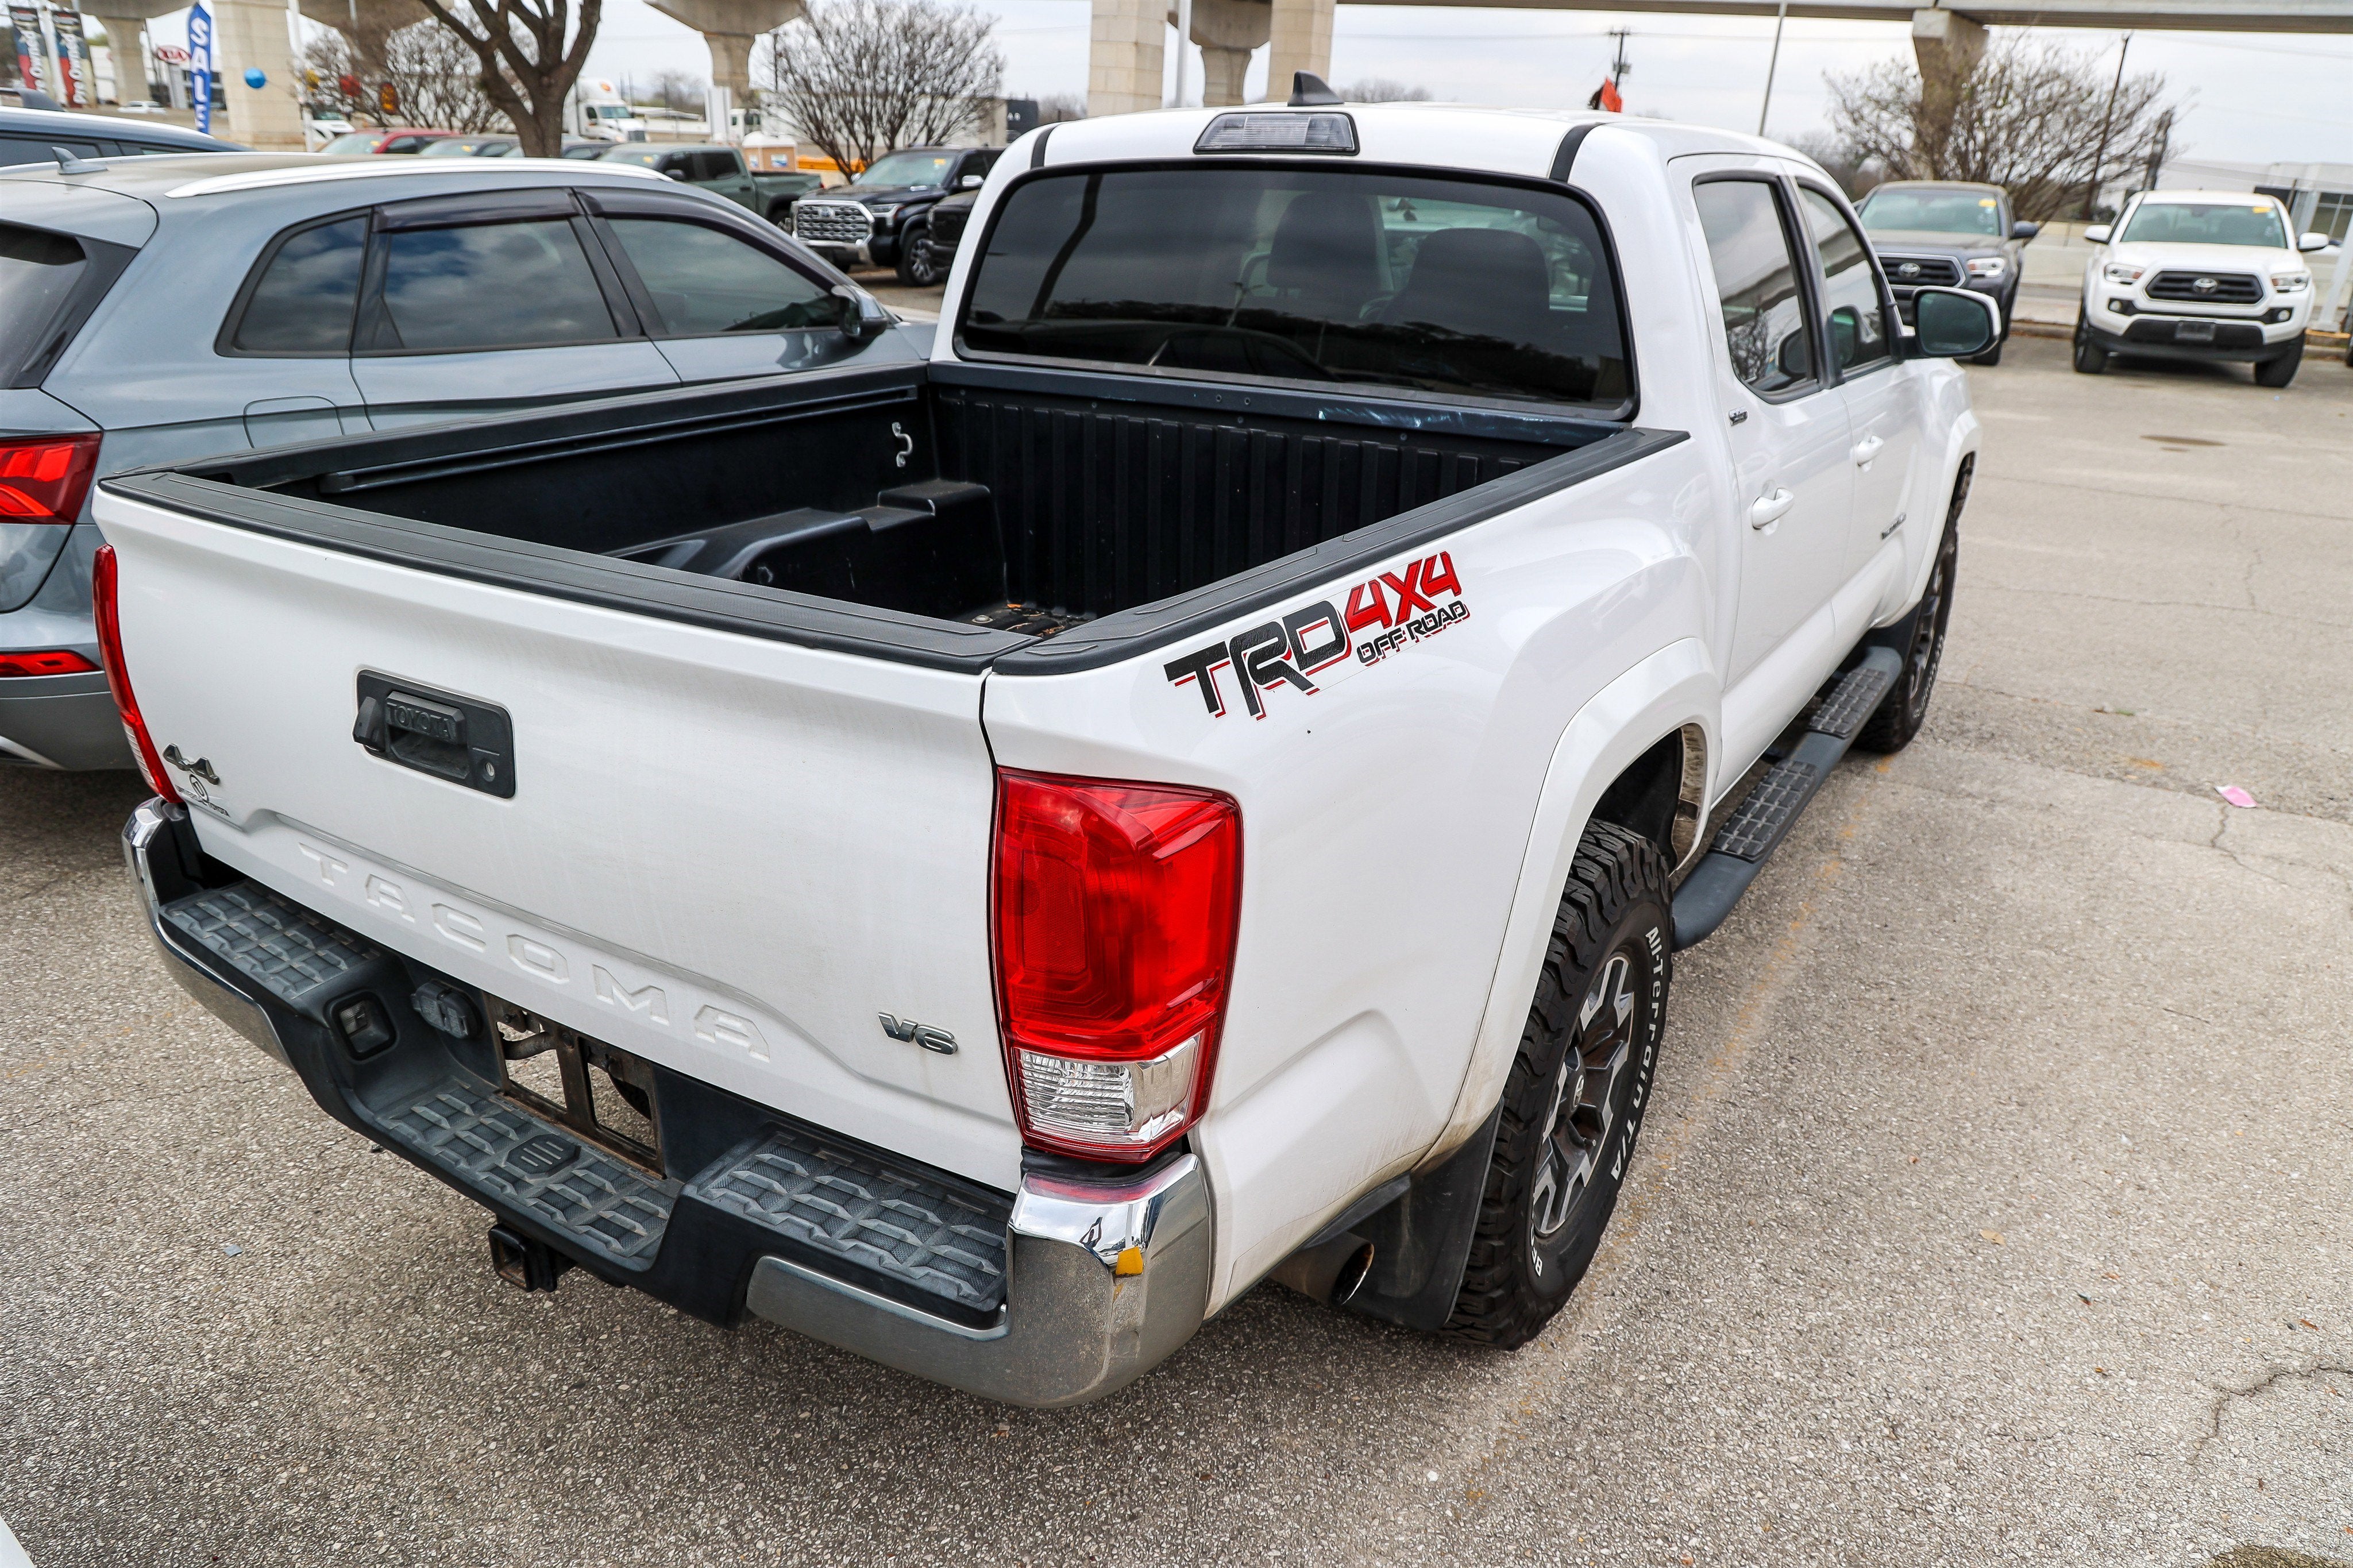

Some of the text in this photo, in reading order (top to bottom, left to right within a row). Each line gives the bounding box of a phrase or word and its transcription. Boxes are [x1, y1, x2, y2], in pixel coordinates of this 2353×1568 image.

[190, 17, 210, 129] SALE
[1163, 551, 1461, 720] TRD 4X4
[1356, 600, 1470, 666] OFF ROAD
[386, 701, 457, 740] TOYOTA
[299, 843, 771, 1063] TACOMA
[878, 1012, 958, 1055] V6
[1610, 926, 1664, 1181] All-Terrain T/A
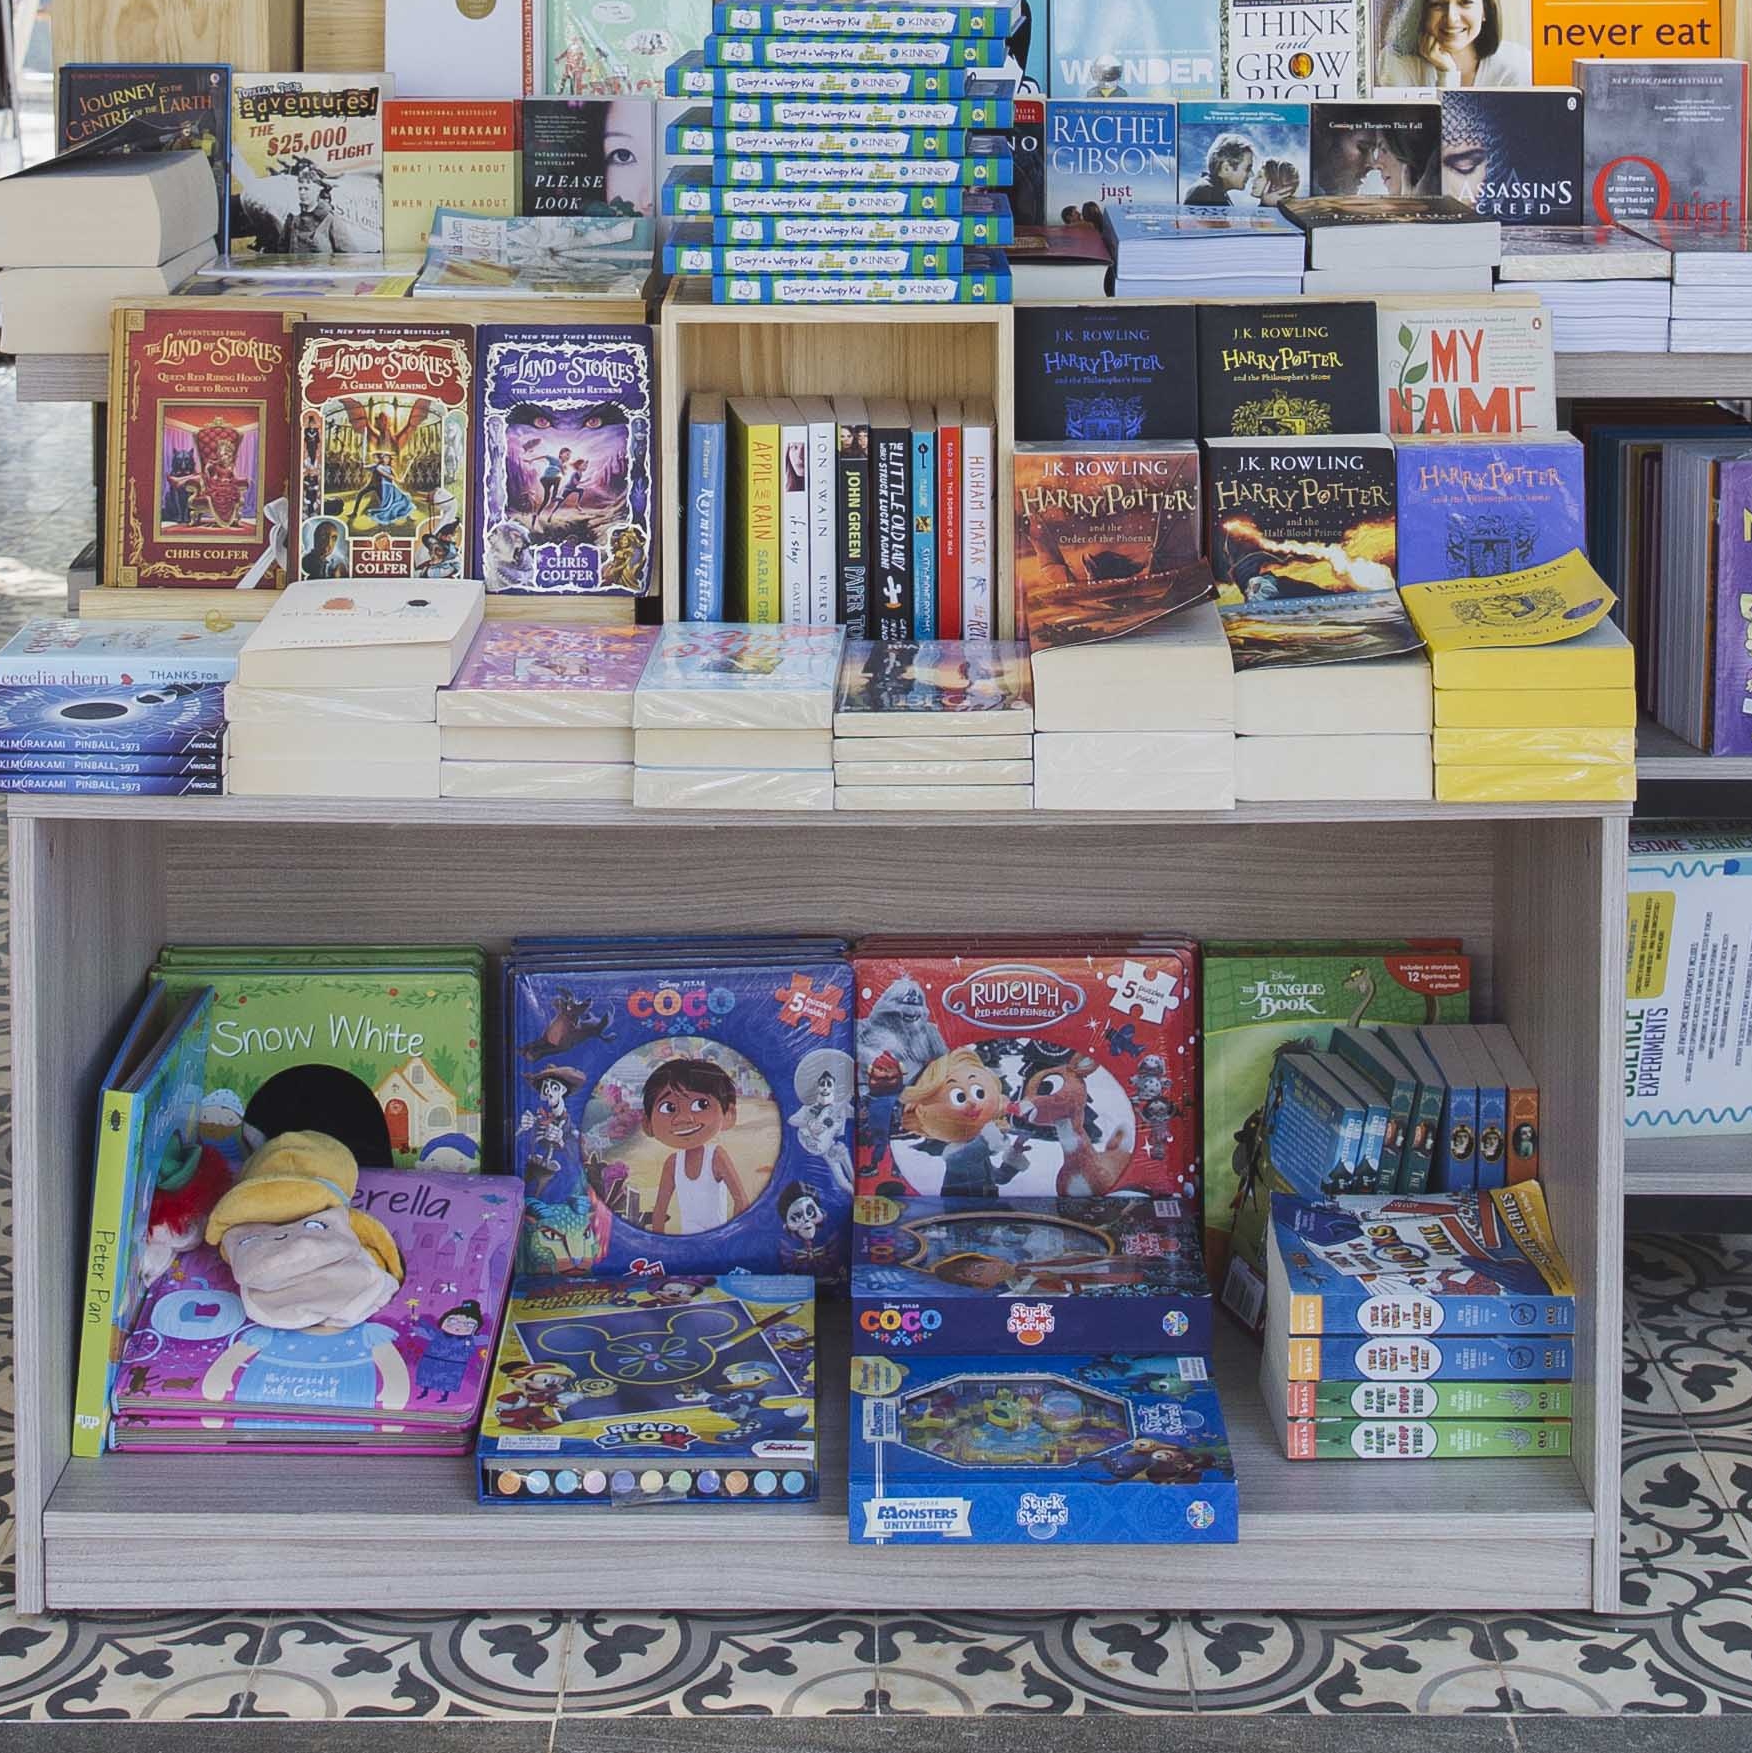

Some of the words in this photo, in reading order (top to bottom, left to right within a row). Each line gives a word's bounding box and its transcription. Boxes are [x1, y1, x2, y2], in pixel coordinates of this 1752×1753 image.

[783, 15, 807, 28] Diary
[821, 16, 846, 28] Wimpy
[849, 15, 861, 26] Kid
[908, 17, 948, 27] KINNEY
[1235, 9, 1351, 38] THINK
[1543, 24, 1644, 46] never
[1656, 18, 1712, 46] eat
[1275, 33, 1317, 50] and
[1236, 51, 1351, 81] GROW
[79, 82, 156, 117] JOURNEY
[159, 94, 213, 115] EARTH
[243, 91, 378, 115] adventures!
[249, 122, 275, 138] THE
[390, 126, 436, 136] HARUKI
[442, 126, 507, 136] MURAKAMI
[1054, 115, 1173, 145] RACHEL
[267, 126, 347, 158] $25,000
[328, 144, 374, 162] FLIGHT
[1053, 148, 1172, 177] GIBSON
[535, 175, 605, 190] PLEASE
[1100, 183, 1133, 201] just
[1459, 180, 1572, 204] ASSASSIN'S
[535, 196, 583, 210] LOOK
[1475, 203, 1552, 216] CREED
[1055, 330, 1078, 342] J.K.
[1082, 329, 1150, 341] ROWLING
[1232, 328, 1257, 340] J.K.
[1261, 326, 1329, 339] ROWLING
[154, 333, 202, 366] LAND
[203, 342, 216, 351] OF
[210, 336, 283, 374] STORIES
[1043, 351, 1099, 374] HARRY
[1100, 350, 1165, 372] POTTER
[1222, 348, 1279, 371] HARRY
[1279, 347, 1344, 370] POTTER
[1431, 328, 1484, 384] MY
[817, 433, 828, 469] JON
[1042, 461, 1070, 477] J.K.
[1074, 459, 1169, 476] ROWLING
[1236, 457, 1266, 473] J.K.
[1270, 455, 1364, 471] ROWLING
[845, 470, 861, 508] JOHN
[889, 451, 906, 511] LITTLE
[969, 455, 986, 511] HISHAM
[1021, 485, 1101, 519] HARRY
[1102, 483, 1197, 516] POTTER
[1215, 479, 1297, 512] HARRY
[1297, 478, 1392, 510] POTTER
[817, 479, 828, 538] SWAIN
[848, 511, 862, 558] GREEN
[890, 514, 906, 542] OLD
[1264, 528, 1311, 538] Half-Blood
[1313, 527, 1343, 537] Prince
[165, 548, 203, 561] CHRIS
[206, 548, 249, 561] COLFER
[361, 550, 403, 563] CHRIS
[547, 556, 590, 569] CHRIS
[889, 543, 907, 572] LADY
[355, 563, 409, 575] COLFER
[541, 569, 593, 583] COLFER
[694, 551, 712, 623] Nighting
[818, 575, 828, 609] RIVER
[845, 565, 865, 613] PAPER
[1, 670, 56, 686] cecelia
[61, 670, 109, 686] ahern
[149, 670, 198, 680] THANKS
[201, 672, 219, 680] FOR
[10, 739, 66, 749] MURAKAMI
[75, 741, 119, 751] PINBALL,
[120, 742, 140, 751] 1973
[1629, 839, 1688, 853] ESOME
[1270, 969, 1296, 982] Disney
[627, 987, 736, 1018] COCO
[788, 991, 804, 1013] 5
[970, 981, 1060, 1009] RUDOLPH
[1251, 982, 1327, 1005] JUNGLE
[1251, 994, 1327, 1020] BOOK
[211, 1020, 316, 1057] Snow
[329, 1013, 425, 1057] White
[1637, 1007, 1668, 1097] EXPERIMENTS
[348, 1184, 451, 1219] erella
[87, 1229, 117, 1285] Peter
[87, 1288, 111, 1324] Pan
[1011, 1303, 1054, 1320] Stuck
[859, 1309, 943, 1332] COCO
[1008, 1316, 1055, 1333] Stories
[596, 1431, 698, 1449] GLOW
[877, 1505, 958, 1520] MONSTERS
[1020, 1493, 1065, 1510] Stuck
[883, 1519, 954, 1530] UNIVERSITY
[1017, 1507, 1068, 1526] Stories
======
#### The task
All of the entries above are to be written out exactly, with no pictures.

#### Reply
Some of the text in this photo, in reading order (top to bottom, left to right within a row). Each line gives the bounding box of a phrase or word and its transcription. Boxes are [x1, y1, x2, y2], in pixel coordinates of this 2353×1568 image.

[190, 17, 210, 129] SALE
[1163, 551, 1461, 720] TRD 4X4
[1356, 600, 1470, 666] OFF ROAD
[386, 701, 457, 740] TOYOTA
[299, 843, 771, 1063] TACOMA
[878, 1012, 958, 1055] V6
[1610, 926, 1664, 1181] All-Terrain T/A

Some of the words in this photo, in reading order (top to bottom, left to right within a row). Each line gives a word's bounding box and its transcription. Boxes are [x1, y1, x2, y2], in pixel coordinates of this 1752×1753 image.

[783, 15, 807, 28] Diary
[821, 16, 846, 28] Wimpy
[849, 15, 861, 26] Kid
[908, 17, 948, 27] KINNEY
[1235, 9, 1351, 38] THINK
[1543, 24, 1644, 46] never
[1656, 18, 1712, 46] eat
[1275, 33, 1317, 50] and
[1236, 51, 1351, 81] GROW
[79, 82, 156, 117] JOURNEY
[159, 94, 213, 115] EARTH
[243, 91, 378, 115] adventures!
[249, 122, 275, 138] THE
[390, 126, 436, 136] HARUKI
[442, 126, 507, 136] MURAKAMI
[1054, 115, 1173, 145] RACHEL
[267, 126, 347, 158] $25,000
[328, 144, 374, 162] FLIGHT
[1053, 148, 1172, 177] GIBSON
[535, 175, 605, 190] PLEASE
[1100, 183, 1133, 201] just
[1459, 180, 1572, 204] ASSASSIN'S
[535, 196, 583, 210] LOOK
[1475, 203, 1552, 216] CREED
[1055, 330, 1078, 342] J.K.
[1082, 329, 1150, 341] ROWLING
[1232, 328, 1257, 340] J.K.
[1261, 326, 1329, 339] ROWLING
[154, 333, 202, 366] LAND
[203, 342, 216, 351] OF
[210, 336, 283, 374] STORIES
[1043, 351, 1099, 374] HARRY
[1100, 350, 1165, 372] POTTER
[1222, 348, 1279, 371] HARRY
[1279, 347, 1344, 370] POTTER
[1431, 328, 1484, 384] MY
[817, 433, 828, 469] JON
[1042, 461, 1070, 477] J.K.
[1074, 459, 1169, 476] ROWLING
[1236, 457, 1266, 473] J.K.
[1270, 455, 1364, 471] ROWLING
[845, 470, 861, 508] JOHN
[889, 451, 906, 511] LITTLE
[969, 455, 986, 511] HISHAM
[1021, 485, 1101, 519] HARRY
[1102, 483, 1197, 516] POTTER
[1215, 479, 1297, 512] HARRY
[1297, 478, 1392, 510] POTTER
[817, 479, 828, 538] SWAIN
[848, 511, 862, 558] GREEN
[890, 514, 906, 542] OLD
[1264, 528, 1311, 538] Half-Blood
[1313, 527, 1343, 537] Prince
[165, 548, 203, 561] CHRIS
[206, 548, 249, 561] COLFER
[361, 550, 403, 563] CHRIS
[547, 556, 590, 569] CHRIS
[889, 543, 907, 572] LADY
[355, 563, 409, 575] COLFER
[541, 569, 593, 583] COLFER
[694, 551, 712, 623] Nighting
[818, 575, 828, 609] RIVER
[845, 565, 865, 613] PAPER
[1, 670, 56, 686] cecelia
[61, 670, 109, 686] ahern
[149, 670, 198, 680] THANKS
[201, 672, 219, 680] FOR
[10, 739, 66, 749] MURAKAMI
[75, 741, 119, 751] PINBALL,
[120, 742, 140, 751] 1973
[1629, 839, 1688, 853] ESOME
[1270, 969, 1296, 982] Disney
[627, 987, 736, 1018] COCO
[788, 991, 804, 1013] 5
[970, 981, 1060, 1009] RUDOLPH
[1251, 982, 1327, 1005] JUNGLE
[1251, 994, 1327, 1020] BOOK
[211, 1020, 316, 1057] Snow
[329, 1013, 425, 1057] White
[1637, 1007, 1668, 1097] EXPERIMENTS
[348, 1184, 451, 1219] erella
[87, 1229, 117, 1285] Peter
[87, 1288, 111, 1324] Pan
[1011, 1303, 1054, 1320] Stuck
[859, 1309, 943, 1332] COCO
[1008, 1316, 1055, 1333] Stories
[596, 1431, 698, 1449] GLOW
[877, 1505, 958, 1520] MONSTERS
[1020, 1493, 1065, 1510] Stuck
[883, 1519, 954, 1530] UNIVERSITY
[1017, 1507, 1068, 1526] Stories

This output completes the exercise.